Once the plugin is installed it registers an asynchronous listener (see WebhookListener.java) that listens to PullRequestEvents and BuildStatusEvents. When an event is dispatched to the listener it checks whether a webhook has been registered for the scope and type of the event and if so, it enqueues the sending of a request to the webhook's endpoint in a thread pool. (See WebhookListener.handle and Dispatcher.java.)

In order to persist the configured webhooks across restarts of the Bitbucket Server instance the plugin uses the Active Objects ORM of the Atlassian SDK. It registers two Active Objects: WebhookEntity and EventEntity.

If Sourcegraph is configured to make use of the Bitbucket Server plugin webhooks (which is done by setting the "plugin.webhooks" property in the Bitbucket Server configuration), it sends a request to the Bitbucket Server instance, every minute, to make sure that a webhook on the Bitbucket Server instance exists and points to the Sourcegraph instance.

Fast permission syncing

When Sourcegraph is configured to use Bitbucket Server's repository permissions to control access to repositories on Sourcegraph, it needs to fetch permissions for each user.

The Bitbucket Server REST API only provides paginated endpoints to fetch either the list of repositories a given user has access to, or the list of users that have access to a given repository. Both endpoints return the full representation of the entities.

Since Sourcegraph is only interested in the IDs of either repositories or users (those are already synced to its database) the Bitbucket Server plugins adds two REST endpoints that only return IDs to provide a more efficient way of fetching permission data:

  • /permissions/repositories?user=<USERNAME>&permission=<PERMISSION_LEVEL>
    Returns a list of repository IDs the given user has access to on the given permission level.
  • /permissions/users?repository=<REPO>&permission=<PERMISSION_LEVEL>
    Returns a list of user IDs that have access to the given repository on the given permission level.

The lists returned by both endpoints are encoded as Roaring Bitmaps.

Since only a single request is required to fetch the complete list of desired IDs and the response contains only IDs, encoded in an efficient binary format, these two endpoints make the fetching of permissions roughly eight times faster (measured on an instance with 10000 repositories) than using Bitbucket Server's REST API.

The feature is opt-in on Sourcegraph's side but the endpoints are enabled by default on Bitbucket Server, which makes it easy to load-test and benchmark the endpoints with a single request. For example, in order to fetch all the repository IDs a single user has access to:

curl 'https://bitbucket.example.com/rest/sourcegraph-admin/1.0/permissions/repositories?user=USERNAME&permission=read' -X GET -H 'Authorization: Bearer YOUR_TOKEN' --output /dev/null

In our tests we could see that using these endpoints reduces the overall load on the instance, because instead of doing <num_repos_user_has_access_to>/1000 requests that take 600-900ms each, Sourcegraph would only do a single request that takes 1000-1500ms.
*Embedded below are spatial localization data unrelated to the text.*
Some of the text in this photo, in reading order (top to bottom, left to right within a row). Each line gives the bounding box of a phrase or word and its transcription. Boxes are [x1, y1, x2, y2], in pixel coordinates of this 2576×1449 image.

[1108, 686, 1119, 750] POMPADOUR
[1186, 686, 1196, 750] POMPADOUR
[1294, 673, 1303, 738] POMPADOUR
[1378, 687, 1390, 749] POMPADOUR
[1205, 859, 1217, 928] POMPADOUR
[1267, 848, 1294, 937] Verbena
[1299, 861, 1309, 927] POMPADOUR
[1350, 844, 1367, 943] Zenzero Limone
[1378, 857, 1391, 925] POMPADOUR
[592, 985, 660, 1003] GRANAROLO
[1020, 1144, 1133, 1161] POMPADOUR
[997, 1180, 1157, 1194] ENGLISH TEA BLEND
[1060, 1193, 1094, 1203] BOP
Bitbucket Server admins can further increase the performance of these endpoints by increasing the page.max.repositories property in the Bitbucket Server configuration, but you should check your other Bitbucket Server plugins will not be adversely affected by increasing this.

The plugin uses RepositoryService, UserManager, UserService and SecurityService provided by the Atlassian SDK to fetch users or repositories from Bitbucket Server's database. You can see the full code for these two endpoints in PermissionRouter.java

Browser extension

The Sourcegraph browser extension supports Bitbucket Server. When installed in your web browser, it adds hover tooltips, go-to-definition, find-references, and code search to files and pull requests viewed on Bitbucket Server.

  1. Install the Sourcegraph browser extension.
  2. Configure the browser extension to use your Sourcegraph instance.
  3. To allow the browser extension to work on your Bitbucket Server instance:
    • Navigate to any page on Bitbucket Server.
    • Right-click the Sourcegraph icon in the browser extension toolbar.
    • Click "Enable Sourcegraph on this domain".
    • Click "Allow" in the permissions request popup.